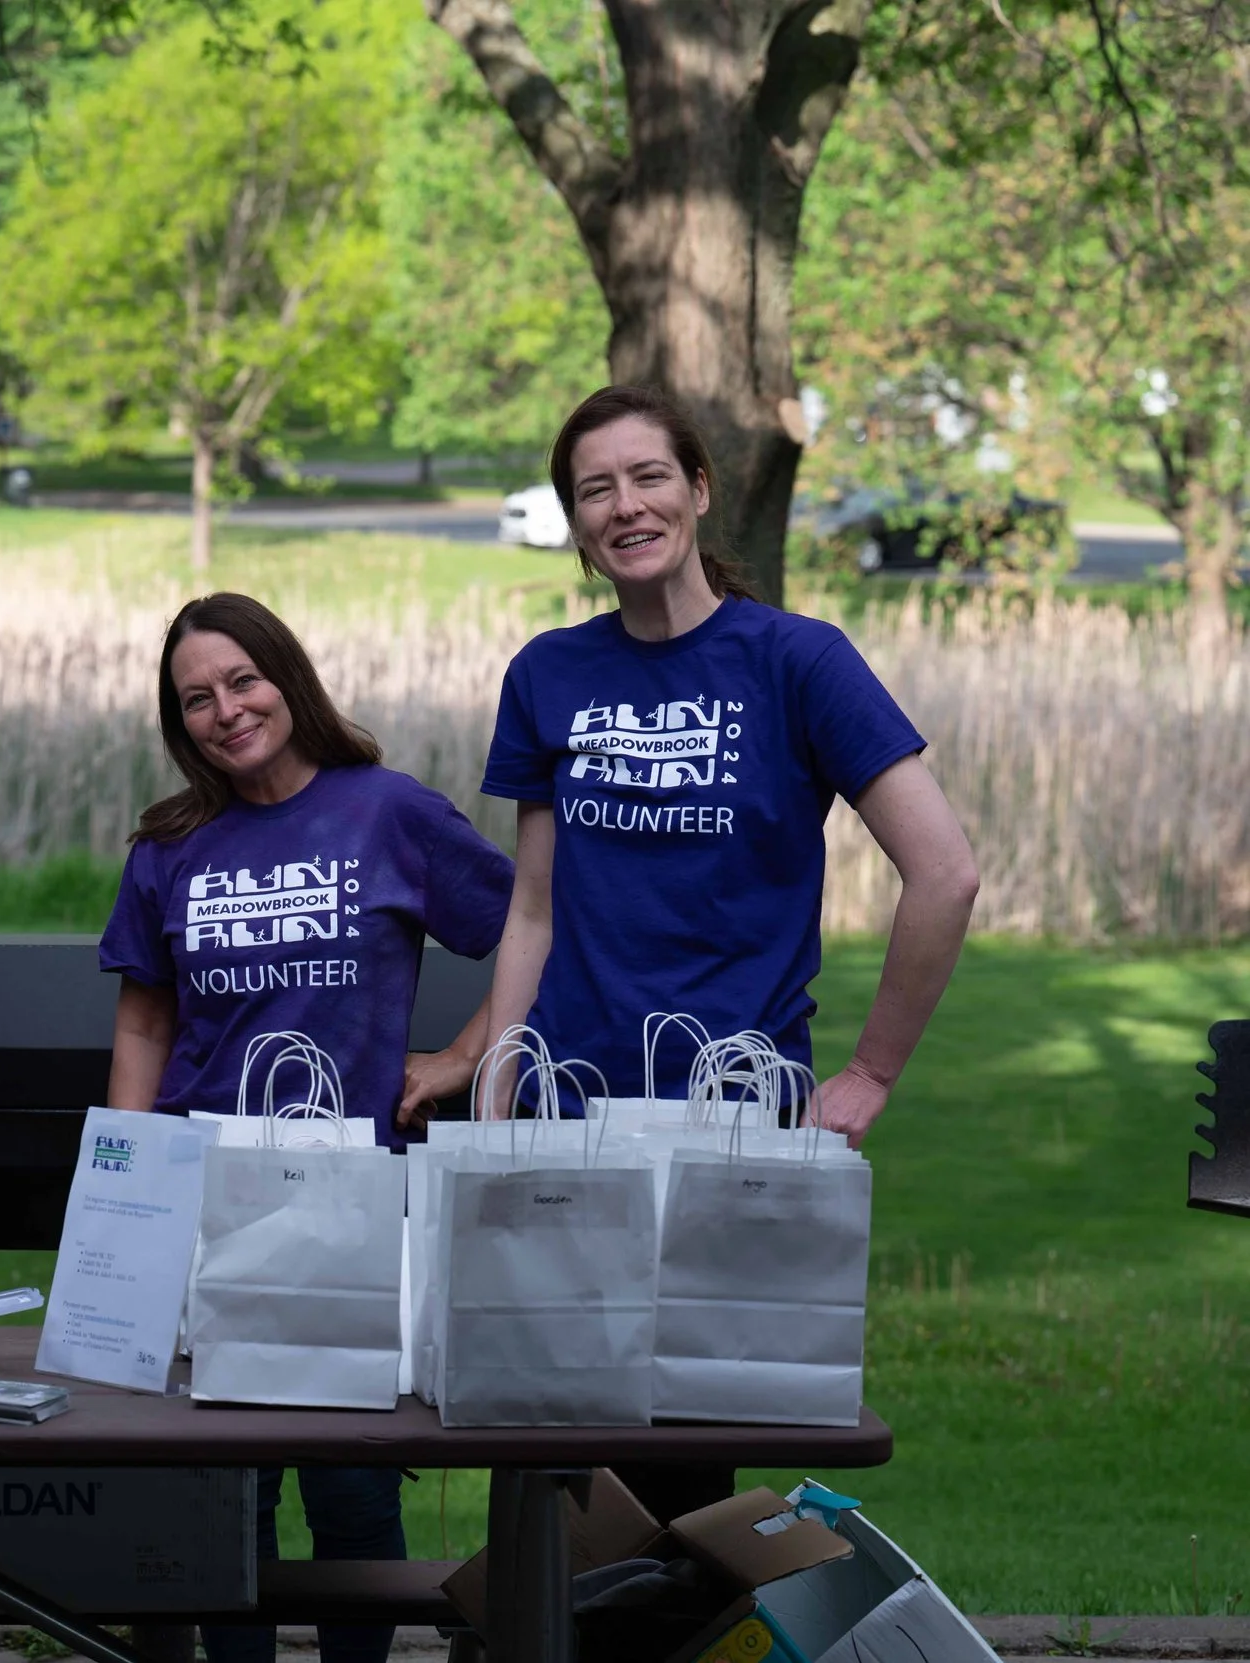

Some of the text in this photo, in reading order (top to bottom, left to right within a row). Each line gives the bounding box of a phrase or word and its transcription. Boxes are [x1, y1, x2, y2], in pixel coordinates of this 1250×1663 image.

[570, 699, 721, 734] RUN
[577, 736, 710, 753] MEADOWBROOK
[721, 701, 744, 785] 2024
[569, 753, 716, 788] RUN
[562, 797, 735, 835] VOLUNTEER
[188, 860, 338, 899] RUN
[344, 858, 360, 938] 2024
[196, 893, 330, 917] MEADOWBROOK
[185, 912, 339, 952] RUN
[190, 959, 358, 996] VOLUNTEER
···
_EXERCISE:_ None of the pictures should appear; copy the rest of the material above exactly.

_ANSWER FOR THE TASK:_
Some of the text in this photo, in reading order (top to bottom, left to right within a row). Each line gives the bounding box of a phrase or word and its transcription. Boxes are [x1, y1, x2, y2], in pixel coordinates of this 1250×1663 image.

[570, 699, 721, 734] RUN
[577, 736, 710, 753] MEADOWBROOK
[721, 701, 744, 785] 2024
[569, 753, 716, 788] RUN
[562, 797, 735, 835] VOLUNTEER
[188, 860, 338, 899] RUN
[344, 858, 360, 938] 2024
[196, 893, 330, 917] MEADOWBROOK
[185, 912, 339, 952] RUN
[190, 959, 358, 996] VOLUNTEER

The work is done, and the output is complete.